5. Applications of PhIP-Seq in Sero-Epidemiology

PhIP-Seq is increasingly being used to investigate the sero-epidemiology of infectious diseases, especially those caused by viruses. Here, we provide a brief overview of the different applications of PhIP-Seq in epidemiological investigations, such as pathogen exposure, disease etiology, risk factor analysis, temporal kinetics, vaccines, and the identification of novel pathogens in humans and animals (One Health).
While no means exhaustive, this work mainly outlines the possible applications of PhIP-Seq to the field of sero-epidemiology. We found the technology versatile and can be used to investigate infectious disease seroprevalence, risk factors, time trends, infectious etiology of disease, vaccines, novel and emerging pathogens, and applications for One Health and pandemic preparedness (Figure 2).

5.1. Seroprevalence Studies

PhIP-Seq can be used to assess the seroprevalence of pathogens in a population.

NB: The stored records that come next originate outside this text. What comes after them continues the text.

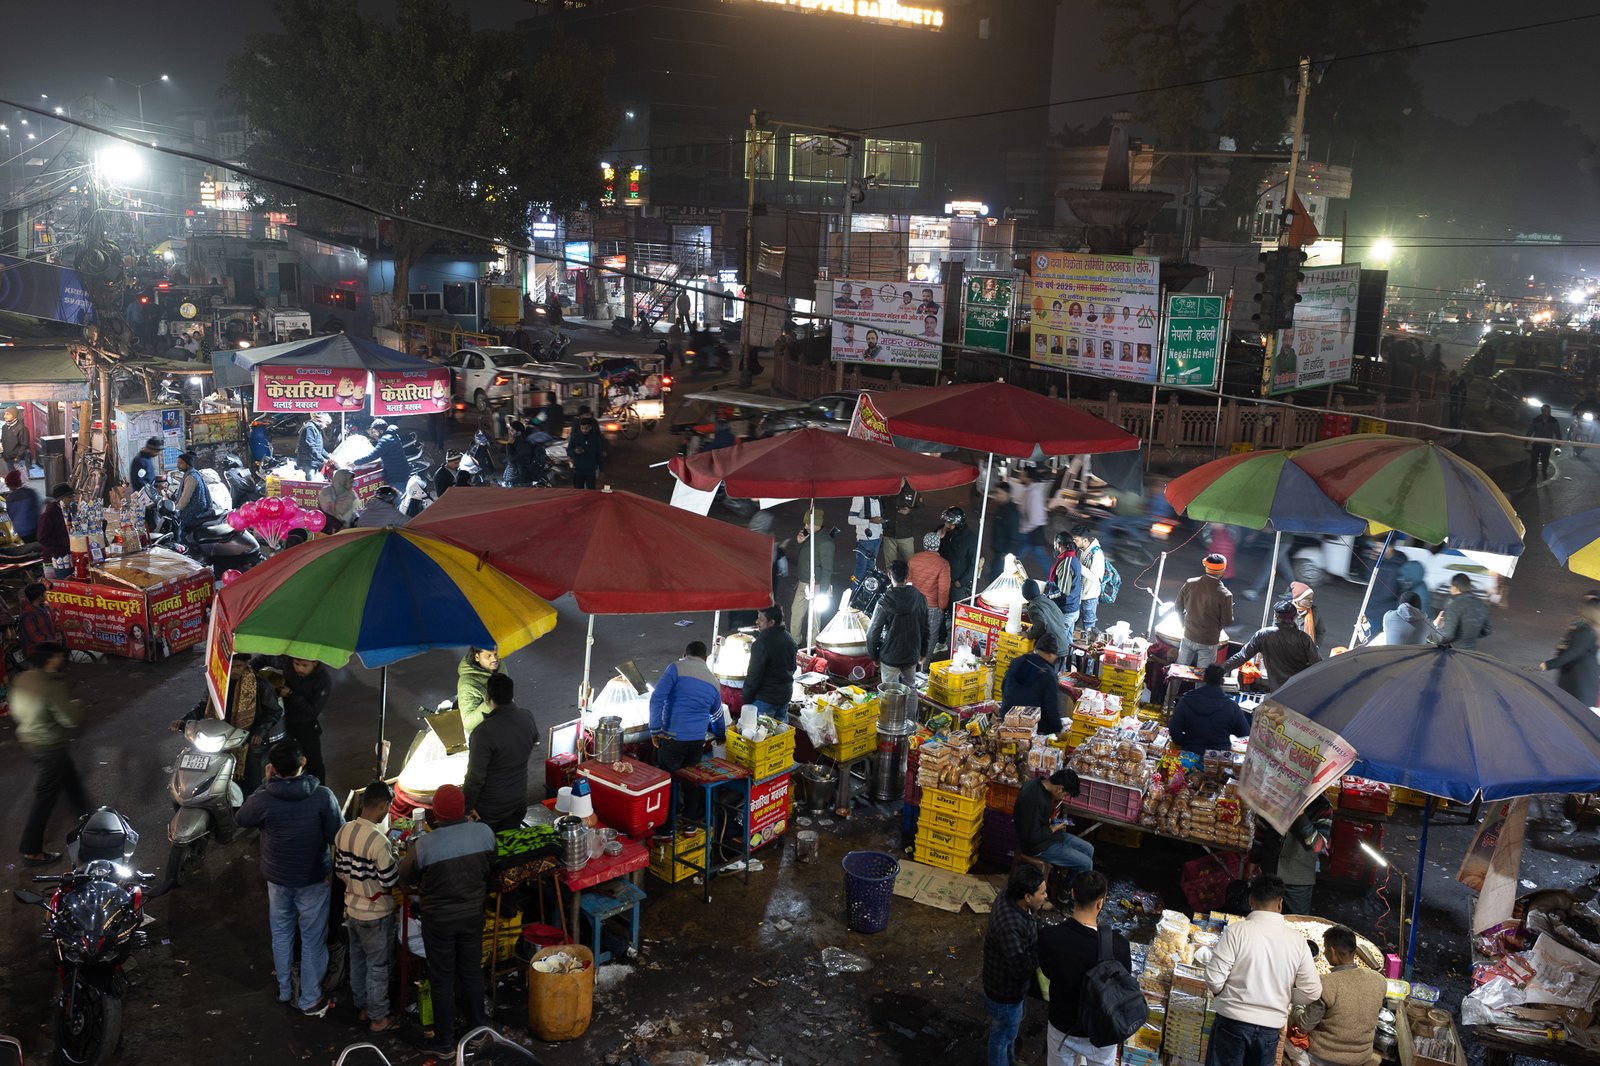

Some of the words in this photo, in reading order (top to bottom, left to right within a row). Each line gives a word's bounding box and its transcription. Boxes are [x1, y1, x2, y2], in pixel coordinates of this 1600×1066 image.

[978, 314, 994, 327] चौक
[1171, 326, 1192, 341] नेपाली
[1196, 325, 1216, 342] हवेली
[1168, 348, 1191, 359] Nepali
[1192, 348, 1214, 359] Haveli
[265, 380, 336, 399] केसरिया
[381, 384, 432, 402] केसरिया
[272, 401, 292, 409] मलाई
[386, 404, 402, 412] मलाई
[45, 591, 94, 608] लखनऊ
[96, 595, 142, 618] भेलपूरी
[152, 595, 182, 616] लखनऊ
[186, 582, 212, 605] भेलपूरी
[968, 612, 982, 622] मलाई
[854, 726, 868, 736] Amul
[768, 741, 784, 750] अमूल
[768, 760, 784, 770] Amul
[936, 816, 956, 827] Amul
[932, 832, 952, 844] Amul

For example, in Xu et al. [20], the authors attempted to determine exposure to the human virome and its differences according to geography and HIV-status. Employing PhIP-Seq (specifically VirScan), the authors showed that common viruses such as herpesvirus, rhinovirus and adenovirus are frequently detected in healthy populations. Furthermore, the study yielded “public epitopes”, i.e., epitopes commonly targeted by a multitude of individuals. This study highlights PhIP-Seq’s strength in its ability to determine antibody targets at the epitope or peptide level, as well as the extended use of this technology for sero-surveillance of infections to aid in vaccination programmes.
In a more recent study, Vogl et al. developed a PhIP-Seq library to capture the population-wide diversity of antibody responses to the human gut microbiome. The authors performed metagenomic sequencing on more than 900 stool samples and used the microbiome sequence information to design a novel phage library. In this study, the authors found both individual and public ‘responses’ to microbiota epitopes, including age- and gender-related differences. The modeling of the age- and gender-specific serum repertoires using gradient boosting algorithm revealed that antibody epitope repertoires were more longitudinally stable and hence better in its predictions than using metagenomic data [22].

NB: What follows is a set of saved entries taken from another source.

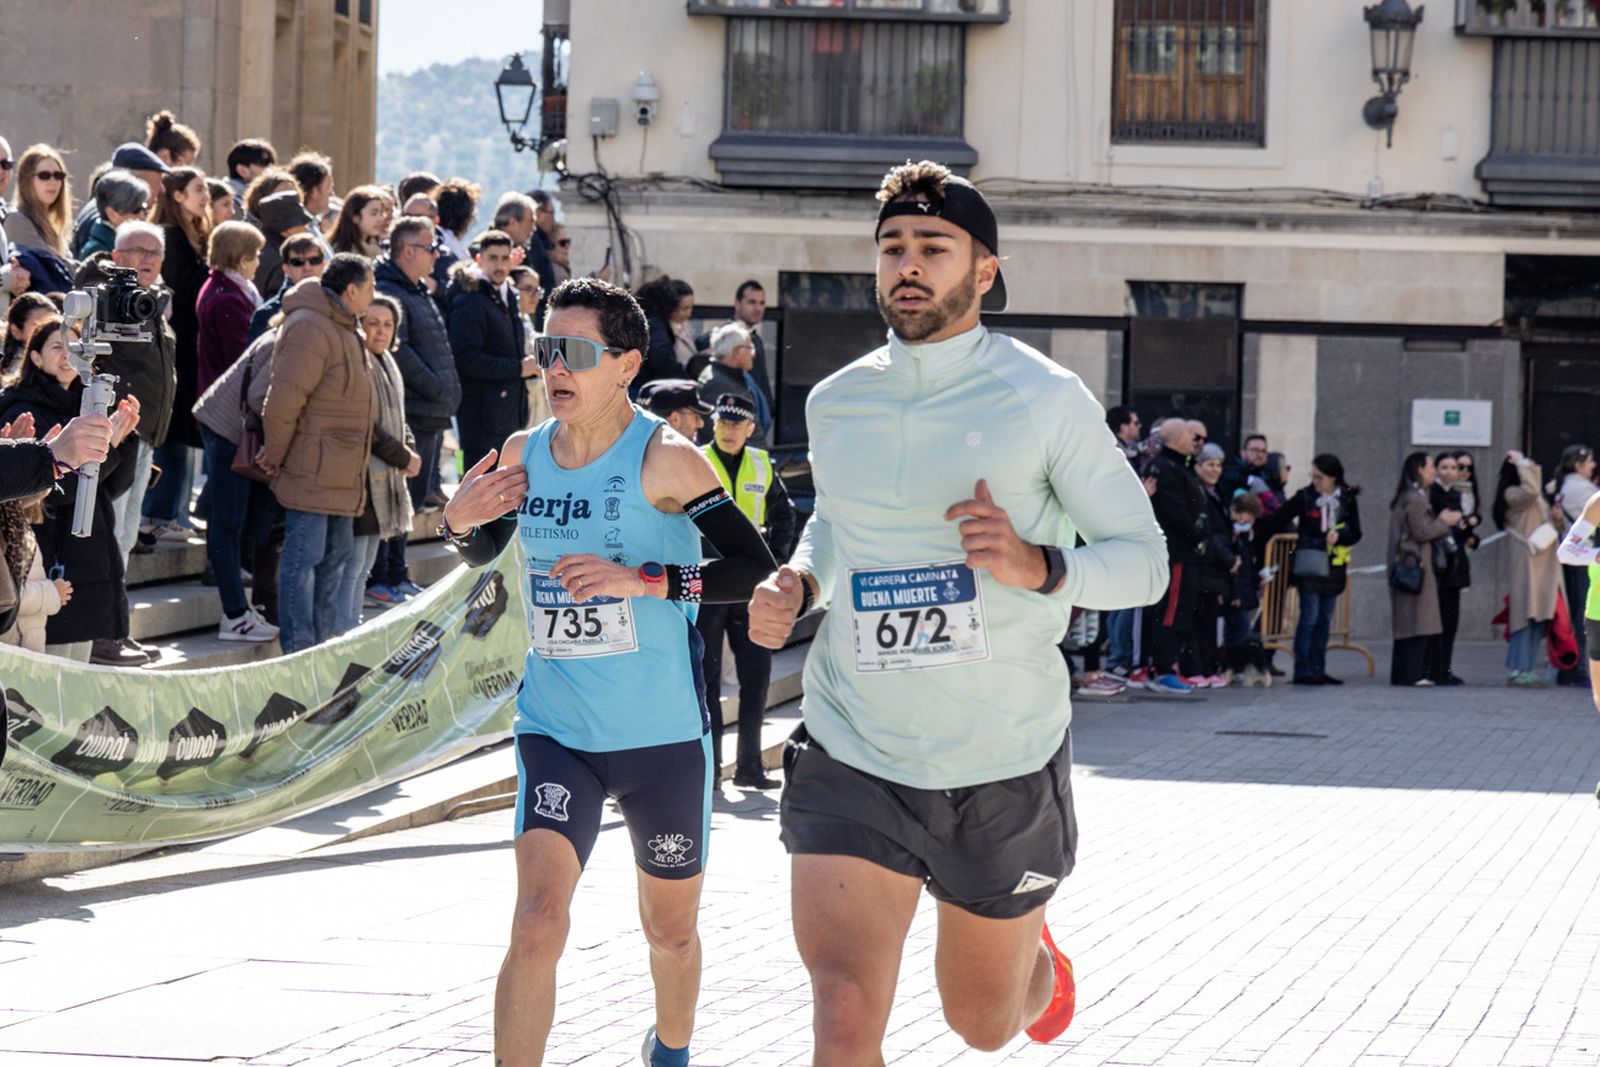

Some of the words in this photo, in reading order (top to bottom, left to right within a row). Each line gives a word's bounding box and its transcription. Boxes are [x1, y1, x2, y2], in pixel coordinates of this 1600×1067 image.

[868, 574, 907, 586] CARRERA
[908, 569, 959, 583] CAMINATA
[860, 590, 892, 607] BUENA
[893, 586, 938, 605] MUERTE
[543, 607, 602, 639] 735
[876, 607, 951, 649] 672
[75, 733, 131, 762] ownat
[175, 728, 219, 761] ownat

5.2. Risk Factor Analysis and Association Studies

The power of PhIP-Seq lies with its high throughput and mega-plexable nature. This is particularly useful when performing a case-control or case-cohort studies to evaluate how the history of virus exposure impacts a defined clinical outcome. The antibody repertoire of banked specimens or sera for patients with a certain condition can be compared to those of matched controls, and differences identified between the two groups can be subjected to further investigation to identify possible associations and risk factors. For example, Hasan et al. [25] conducted a sero-survey to identify possible associations between infection history and obesity. Using the expanded VirScan library, the authors observed that obesity in adults was associated with greater prevalence of peptide hits linked to herpes viruses, such as EBV, HSV1, and HSV2. Another case-control study utilized PhIP-Seq to identify sero-signatures of oncogenic viruses (such as hepatitis B and C viruses) in at-risk populations that were predictive of hepatocellular carcinoma (HCC) onset (even prior to clinical diagnosis) [33].

5.3. Vaccinology and Response to Vaccines

PhIP-Seq can also be used to probe questions around vaccine immunity. For instance, a study used PhIP-Seq to elucidate the impact of measles infection and vaccination on humoral immunity. PhIP-Seq data showed that measles virus infection (assayed by an increase in positive measles epitope hits) led to a noticeable decrease in memory antibody responses against other viruses [24]. Interestingly, a similar diminishing of humoral responses was not observed in measles-vaccinated infants, highlighting the protective effects of measles vaccination against other pathogens [24].
Given the resolution of PhIP-Seq, vaccine-induced antibody responses can also be determined at the epitope level. This may be of utility in vaccinology, especially in the determination of target epitopes by vaccination and how these differ with doses, prime-boost regimes, and innate infection. One such example was highlighted by a recent study where PhIP-Seq revealed that vaccination (as compared to SARS-CoV-2 infections) generated more diverse antibody epitopes [41]. Another study utilized PhIP-Seq epitope mapping data from COVID-19 patients to identify dominant linear B cell epitope regions and then rationally design peptide vaccine candidates against SARS-CoV-2 [42].

5.4. Time Course Studies

Temporal changes in infectious disease landscape can easily be probed using PhIP-Seq. Published studies have displayed the versatility of this technology in investigating humoral kinetics to either a single virus or groups of different viruses. For example, a temporal virome-wide study was conducted in hematopoietic cell transplant patients, which led to the finding that although virome-wide antibody repertoires of the recipients mirror that of the donor soon after transplantation, over time, the antibody repertoires revert to the pre-transplantation state [43]. PhIP-Seq is increasingly being applied to study temporal changes of exposure to a specific pathogen. For instance, in the recent study by Eshleman et al., the authors extracted and studied PhIP-Seq data specific to human immunodeficiency virus (HIV). Therefore, through a virus-specific analysis the authors were able to identify HIV peptide hits that predict infection [31].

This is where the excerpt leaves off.